Cecidophyopsis ribis is an eriophyid mite which is best known for being a plant parasite, a pest of Ribes species, the genus that includes gooseberries and blackcurrants. It is commonly known as the blackcurrant gall mite or big bud mite. It feeds on the plants' buds, forming galls, and transmits a virus which causes blackcurrant reversion disease. The mite is a serious pest of blackcurrant crops in Europe, but rarely on other continents.

==Biology==
Buds affected by Cecidophyopsis ribis become swollen and globular and fail to develop normally. They are first noticeable in the autumn when they are unpointed and twice as large as normal buds. Inside the bud, between the closely folded leaves, are thousands of small, spherical eggs which later hatch into sausage-shaped mites with short legs near their anterior end. The mites suck sap from the buds and while they are doing so, can transmit the virus that causes blackcurrant reversion disease. The mites are 0.25 mm long. When mature they move out of the buds onto the twigs where they make their way to uninfested buds or may feed on the foliage later in the season causing distortion of the leaves. Crop yields are reduced as a result of the damage they do. The mites are so tiny that they can easily be blown or splashed onto other bushes or carried inadvertently by flying insects. They breed during the summer and autumn, laying their eggs inside new buds. They can also infest the buds of gooseberries, whitecurrants or redcurrants, but in these the affected buds die and "big bud" symptoms do not develop. These alternative host fruit bushes are not susceptible to blackcurrant reversion disease.

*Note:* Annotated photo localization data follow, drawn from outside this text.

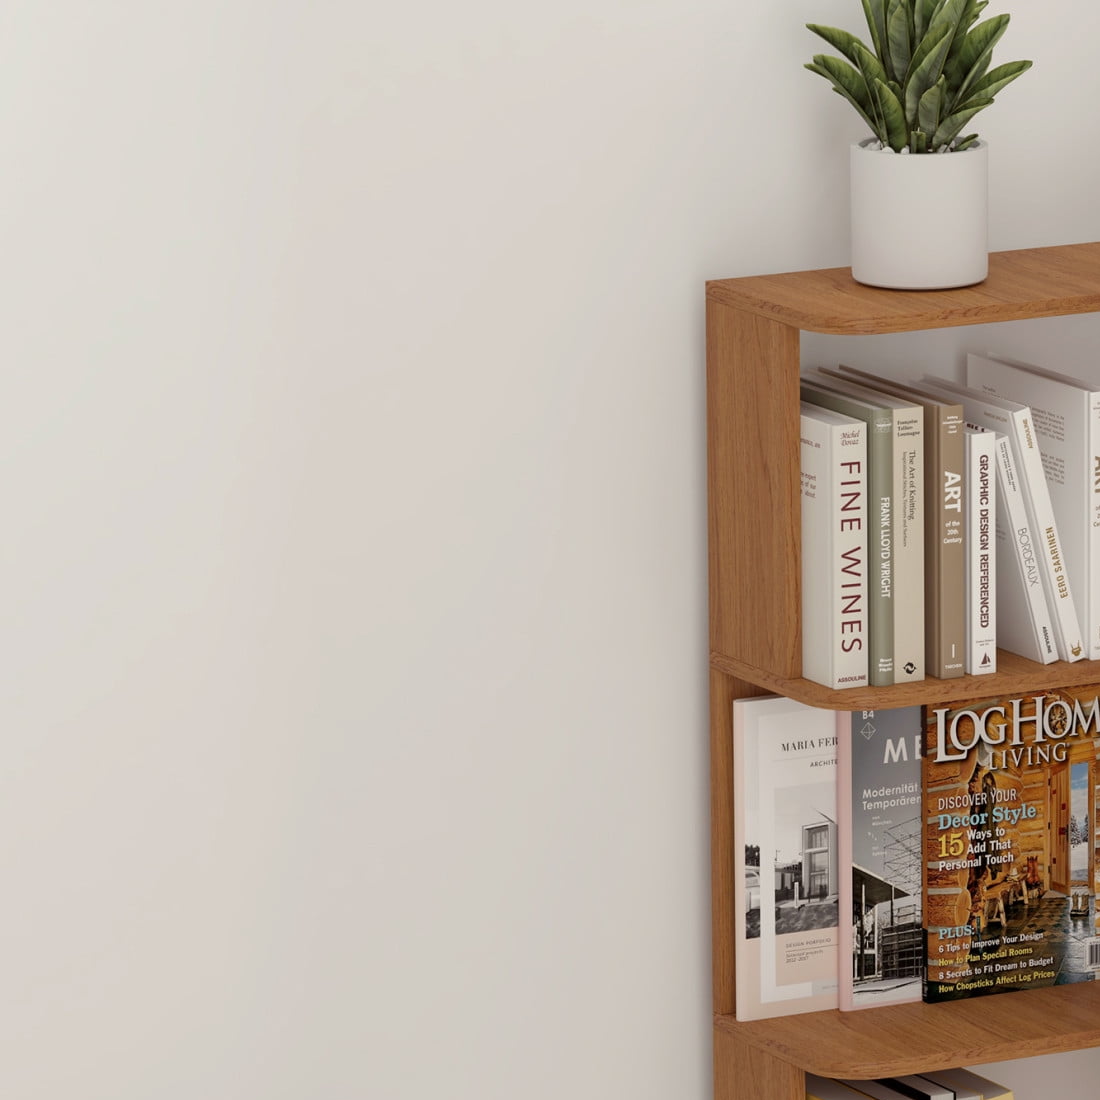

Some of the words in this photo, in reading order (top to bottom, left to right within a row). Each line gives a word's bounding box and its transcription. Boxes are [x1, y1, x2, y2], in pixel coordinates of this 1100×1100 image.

[945, 471, 961, 512] ART
[980, 455, 989, 505] GRAPHIC
[840, 461, 861, 532] FINE
[880, 497, 891, 527] FRANK
[980, 509, 989, 550] DESIGN
[880, 529, 891, 559] LLOYD
[1046, 527, 1064, 572] SAARINEN
[1018, 528, 1038, 587] BORDEAUX
[880, 562, 891, 598] WRIGHT
[980, 554, 989, 628] REFERENCED
[1056, 575, 1068, 598] EERO
[841, 546, 862, 652] WINES
[838, 675, 866, 684] ASSOULINE
[781, 740, 815, 752] MARIA
[989, 742, 1067, 770] LIVING
[863, 783, 918, 798] Modernität
[938, 793, 987, 810] DISCOVER
[990, 788, 1016, 803] YOUR
[938, 812, 988, 830] Decor
[992, 804, 1036, 824] Style
[938, 833, 964, 857] 15
[967, 829, 992, 841] Ways
[996, 827, 1005, 836] to
[967, 842, 986, 854] Add
[990, 839, 1011, 851] That
[939, 856, 982, 871] Personal
[985, 852, 1014, 865] Touch
[938, 925, 975, 939] PLUS:
[946, 943, 960, 952] Tips
[972, 939, 1000, 949] Improve
[1002, 936, 1018, 944] Your
[1020, 932, 1044, 941] Design
[983, 949, 1007, 961] Special
[1009, 947, 1033, 957] Rooms
[946, 969, 972, 979] Secrets
[984, 965, 992, 974] Fit
[995, 963, 1017, 972] Dream
[1028, 957, 1054, 967] Budget
[956, 979, 994, 991] Chopsticks
[996, 976, 1016, 985] Affect
[1019, 974, 1031, 982] Log
[1033, 970, 1055, 980] Prices

==Blackcurrant reversion disease==
The virus causing blackcurrant reversion is transmitted by Cecidophyopsis ribis. The characteristic leaf symptoms are a smaller number of leaf lobes and a decrease in the number of teeth on the serrated edge of the leaves. The flowers also show symptoms, with the buds being less hairy than normal and, in a severe form of the disease present in Russia and Scandinavia, the sepals appearing to be doubled in number to ten. The vigor of the bush is reduced, and fruit yields diminish. Although spread of the mite can be prevented to some extent, badly affected bushes should be destroyed and replaced with virus-free stock.

Until 2019 the virus was found everywhere blackcurrants grew except North America and Australia. However, in 2019 it was detected for the first time in Oregon, United States. Although these mites are the only known vector, the mites themselves have not been found. It is unknown whether something else is vectoring the pathogen or if this evidences another transmission route is working in this area.

==Distribution==
Cecidophyopsis ribis is found mainly in Europe and Asia, but has also reached New Zealand. It is not found in North America or Australia
 and quarantine restrictions apply to the import of susceptible plants.